Supplied records:
● ● ● ●

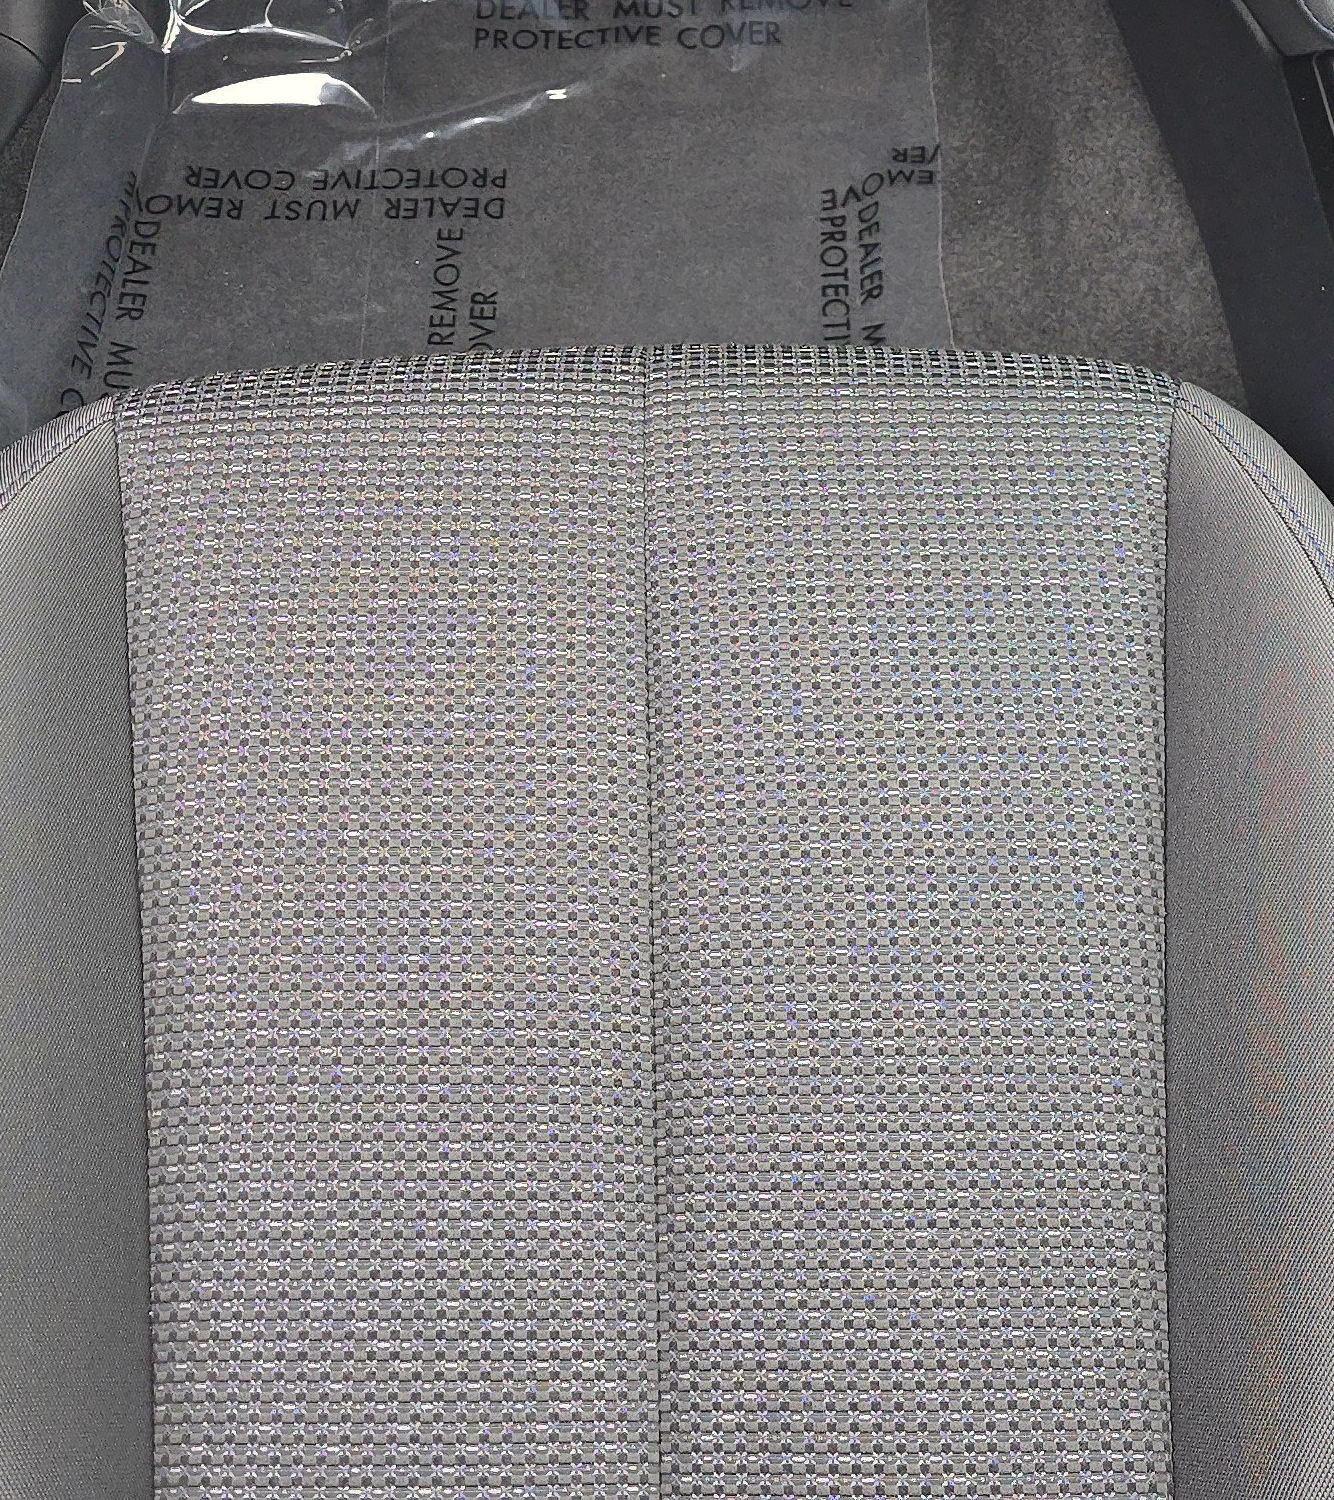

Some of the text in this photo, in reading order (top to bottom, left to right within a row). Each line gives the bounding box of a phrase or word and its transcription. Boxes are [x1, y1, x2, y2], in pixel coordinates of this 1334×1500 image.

[474, 20, 782, 50] PROTECTIVE COVER
[185, 164, 507, 192] PROTECTIVE COVER
[263, 197, 361, 221] MUST
[384, 197, 505, 220] DEALER
[115, 217, 162, 322] DEALER
[427, 227, 464, 346] REMOVE
[819, 214, 852, 346] PROTECTI
[857, 200, 885, 306] DEALER
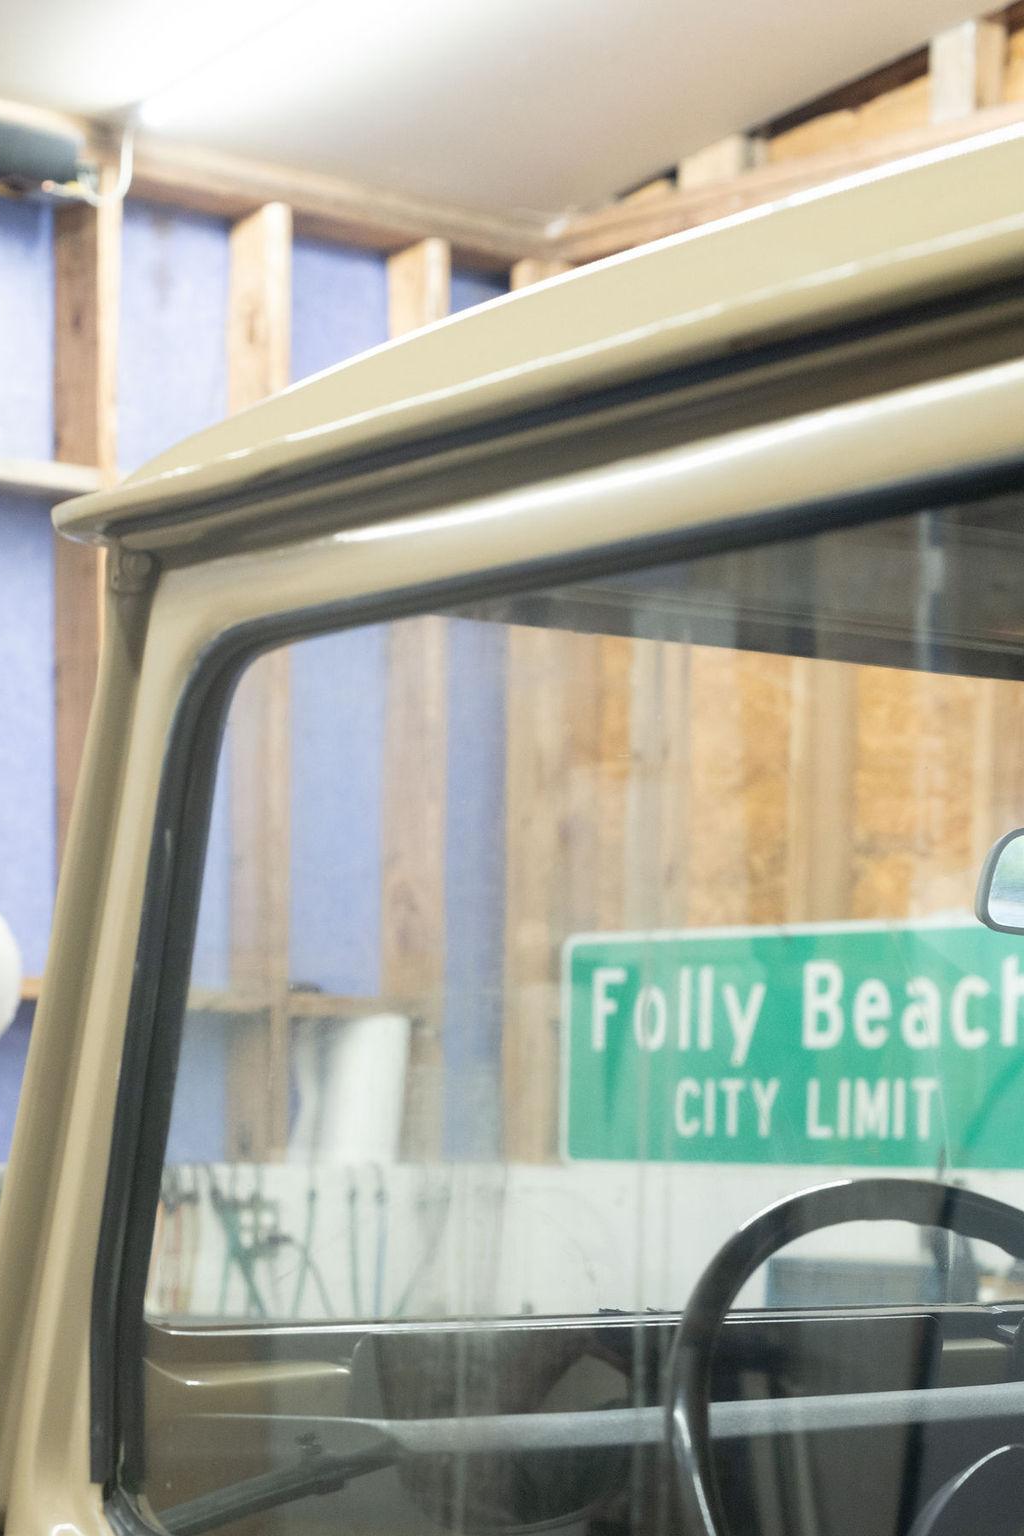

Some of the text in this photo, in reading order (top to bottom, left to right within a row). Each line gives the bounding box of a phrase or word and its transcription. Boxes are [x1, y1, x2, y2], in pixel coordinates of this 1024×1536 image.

[591, 966, 766, 1067] Folly
[675, 1077, 940, 1140] CITY LIMIT
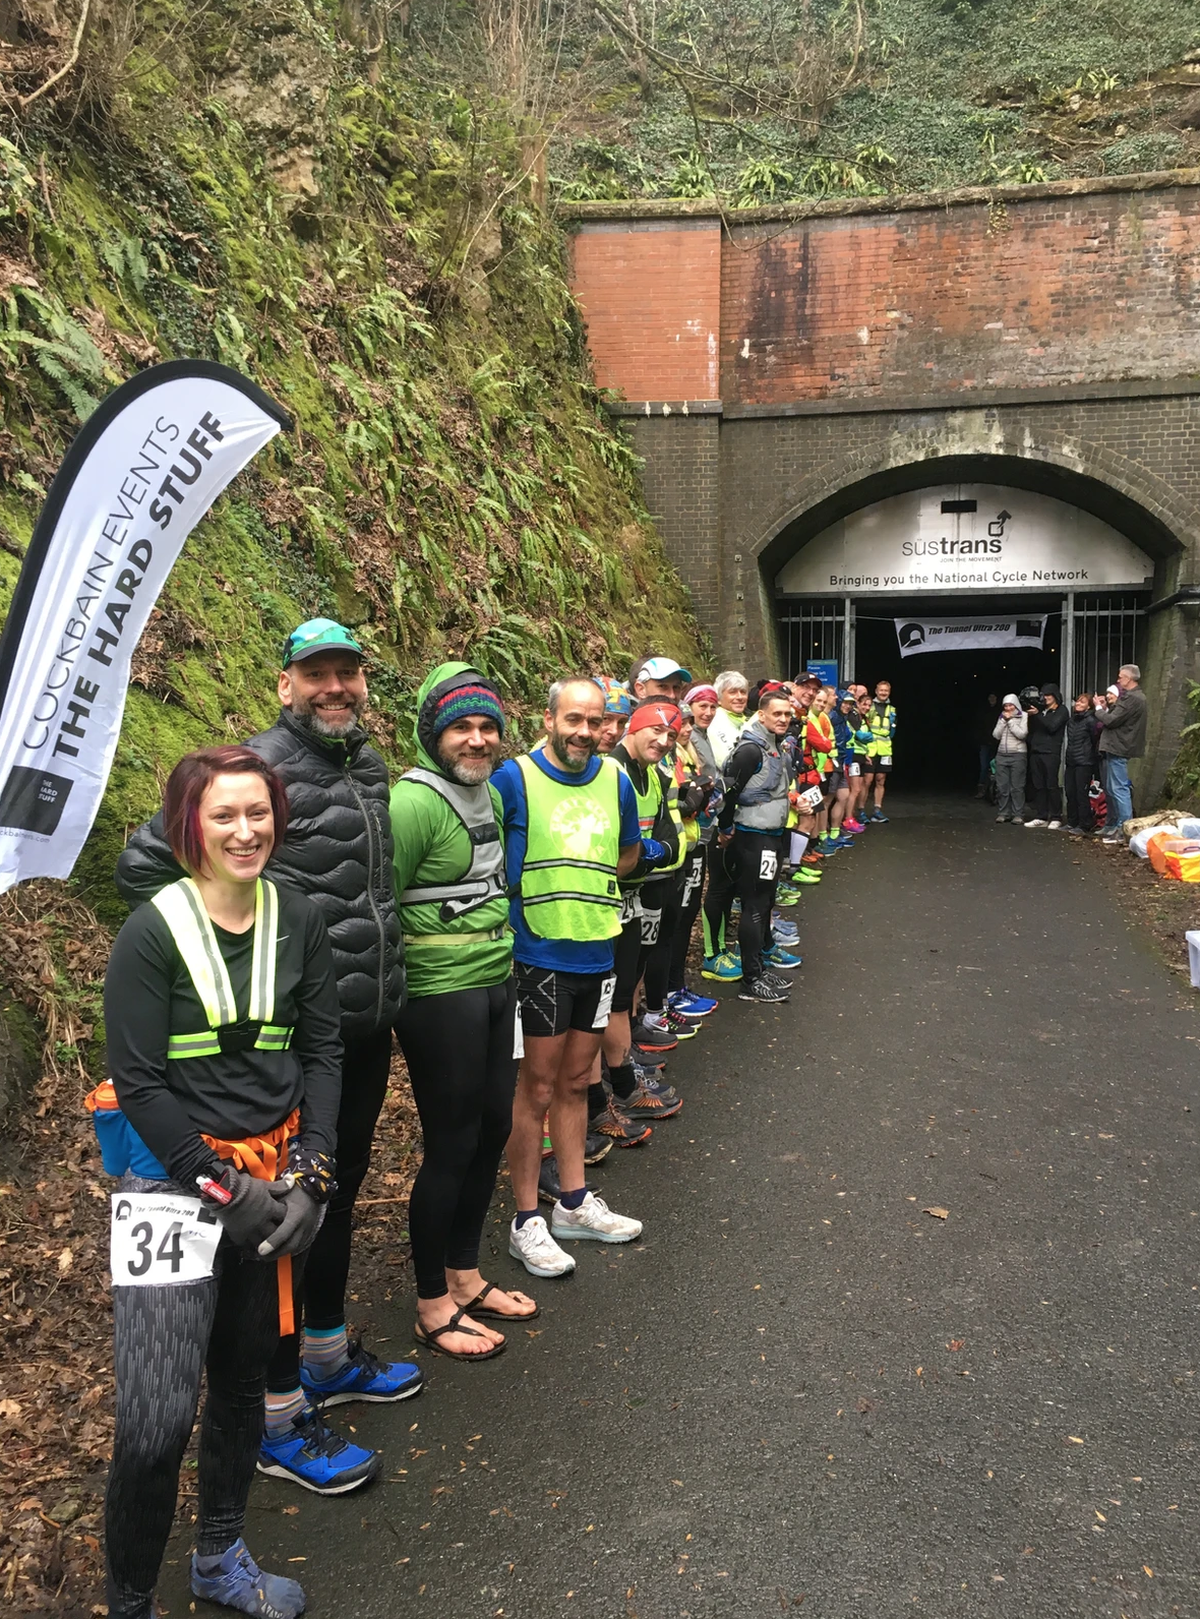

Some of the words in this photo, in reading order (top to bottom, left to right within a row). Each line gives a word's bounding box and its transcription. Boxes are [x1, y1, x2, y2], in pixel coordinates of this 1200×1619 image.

[23, 550, 115, 750] COCKBAIN
[102, 415, 180, 546] EVENTS
[51, 675, 101, 759] THE
[87, 539, 154, 667] HARD
[149, 410, 227, 530] STUFF
[829, 575, 880, 587] Bringing
[883, 576, 905, 587] you
[909, 574, 929, 584] the
[934, 572, 988, 583] National
[992, 570, 1028, 584] Cycle
[1032, 569, 1089, 581] Network
[928, 627, 943, 635] The
[945, 624, 972, 634] Tunnel
[972, 623, 994, 632] Ultra
[994, 623, 1011, 632] 200
[760, 860, 775, 877] 24
[641, 920, 660, 942] 28
[127, 1220, 184, 1277] 34
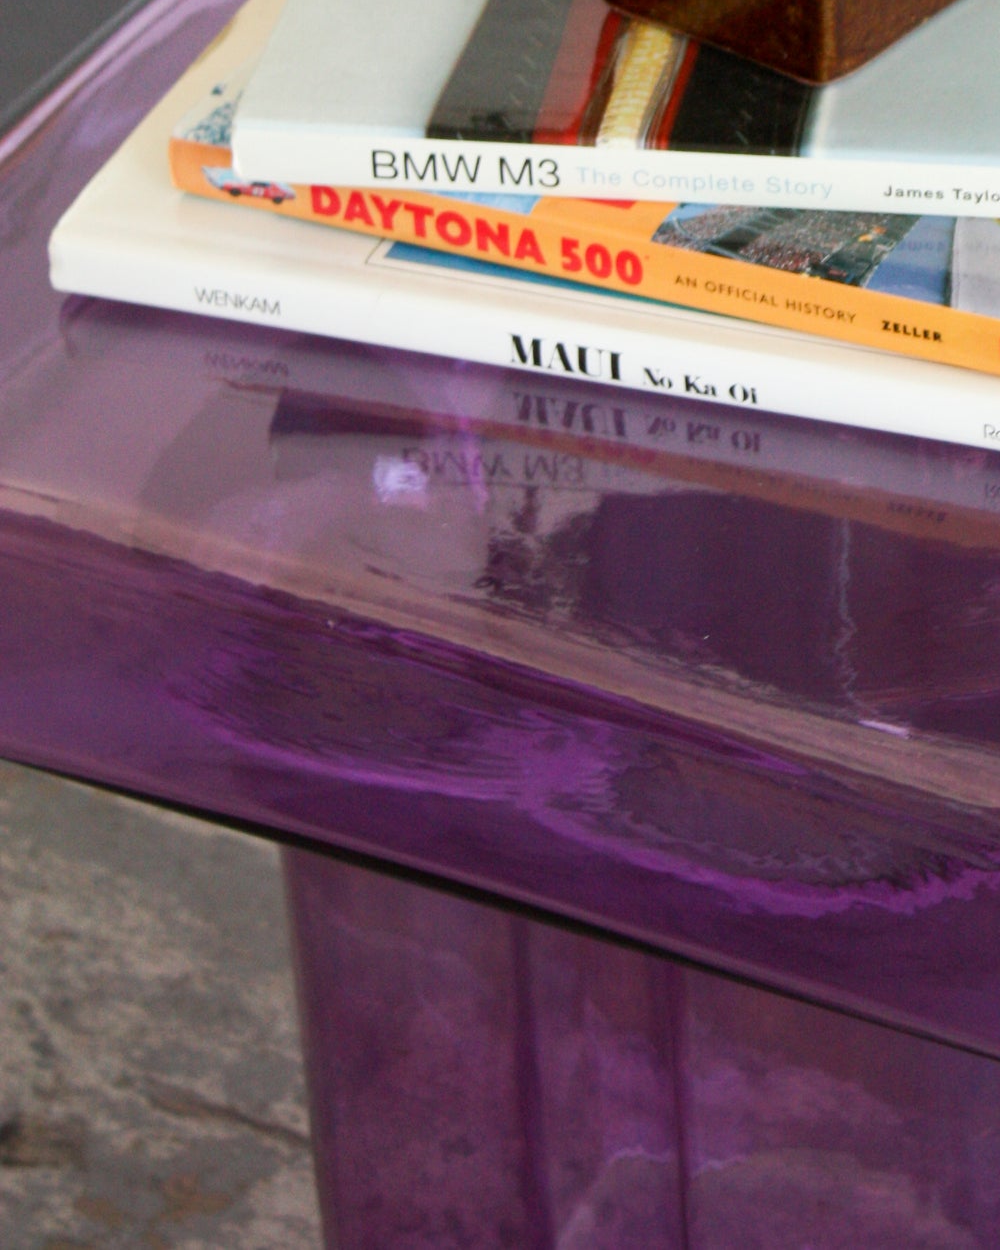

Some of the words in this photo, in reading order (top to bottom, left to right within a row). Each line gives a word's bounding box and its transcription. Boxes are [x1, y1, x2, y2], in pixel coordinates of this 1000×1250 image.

[371, 149, 481, 183] BMW
[498, 156, 561, 188] M3
[575, 166, 623, 184] The
[632, 169, 756, 194] Complete
[765, 175, 834, 199] Story
[883, 184, 945, 200] James
[310, 184, 547, 266] DAYTONA
[560, 236, 644, 286] 500
[193, 285, 282, 316] WENKAM
[674, 274, 698, 289] AN
[703, 280, 779, 308] OFFICIAL
[784, 297, 857, 324] HISTORY
[881, 319, 943, 343] ZELLER
[509, 334, 623, 382] MAUI
[642, 366, 673, 390] No
[683, 374, 718, 398] Ka
[727, 382, 758, 405] Oi

● ● ● ●

Problem: With the pictures removed, repeat the listing above exactly as it stands.

Exercise output:
Some of the text in this photo, in reading order (top to bottom, left to right within a row). Each line gives the bounding box of a phrase or word and its transcription. Boxes are [x1, y1, x2, y2], in pixel coordinates of this 1334×1500 image.

[474, 20, 782, 50] PROTECTIVE COVER
[185, 164, 507, 192] PROTECTIVE COVER
[263, 197, 361, 221] MUST
[384, 197, 505, 220] DEALER
[115, 217, 162, 322] DEALER
[427, 227, 464, 346] REMOVE
[819, 214, 852, 346] PROTECTI
[857, 200, 885, 306] DEALER

Some of the text in this photo, in reading order (top to bottom, left to right within a row). Each line gives the bounding box of a phrase or word and its transcription. Boxes are [x1, y1, x2, y2], in pixel coordinates of this 1024×1536 image.

[591, 966, 766, 1067] Folly
[675, 1077, 940, 1140] CITY LIMIT

Some of the words in this photo, in reading order (top to bottom, left to right within a row). Each line gives a word's bounding box and its transcription. Boxes are [x1, y1, x2, y2], in pixel coordinates of this 1200×1619 image.

[23, 550, 115, 750] COCKBAIN
[102, 415, 180, 546] EVENTS
[51, 675, 101, 759] THE
[87, 539, 154, 667] HARD
[149, 410, 227, 530] STUFF
[829, 575, 880, 587] Bringing
[883, 576, 905, 587] you
[909, 574, 929, 584] the
[934, 572, 988, 583] National
[992, 570, 1028, 584] Cycle
[1032, 569, 1089, 581] Network
[928, 627, 943, 635] The
[945, 624, 972, 634] Tunnel
[972, 623, 994, 632] Ultra
[994, 623, 1011, 632] 200
[760, 860, 775, 877] 24
[641, 920, 660, 942] 28
[127, 1220, 184, 1277] 34

Some of the words in this photo, in reading order (top to bottom, left to right within a row). Each line gives a word's bounding box and its transcription. Boxes are [x1, y1, x2, y2], in pixel coordinates of this 1000×1250 image.

[371, 149, 481, 183] BMW
[498, 156, 561, 188] M3
[575, 166, 623, 184] The
[632, 169, 756, 194] Complete
[765, 175, 834, 199] Story
[883, 184, 945, 200] James
[310, 184, 547, 266] DAYTONA
[560, 236, 644, 286] 500
[193, 285, 282, 316] WENKAM
[674, 274, 698, 289] AN
[703, 280, 779, 308] OFFICIAL
[784, 297, 857, 324] HISTORY
[881, 319, 943, 343] ZELLER
[509, 334, 623, 382] MAUI
[642, 366, 673, 390] No
[683, 374, 718, 398] Ka
[727, 382, 758, 405] Oi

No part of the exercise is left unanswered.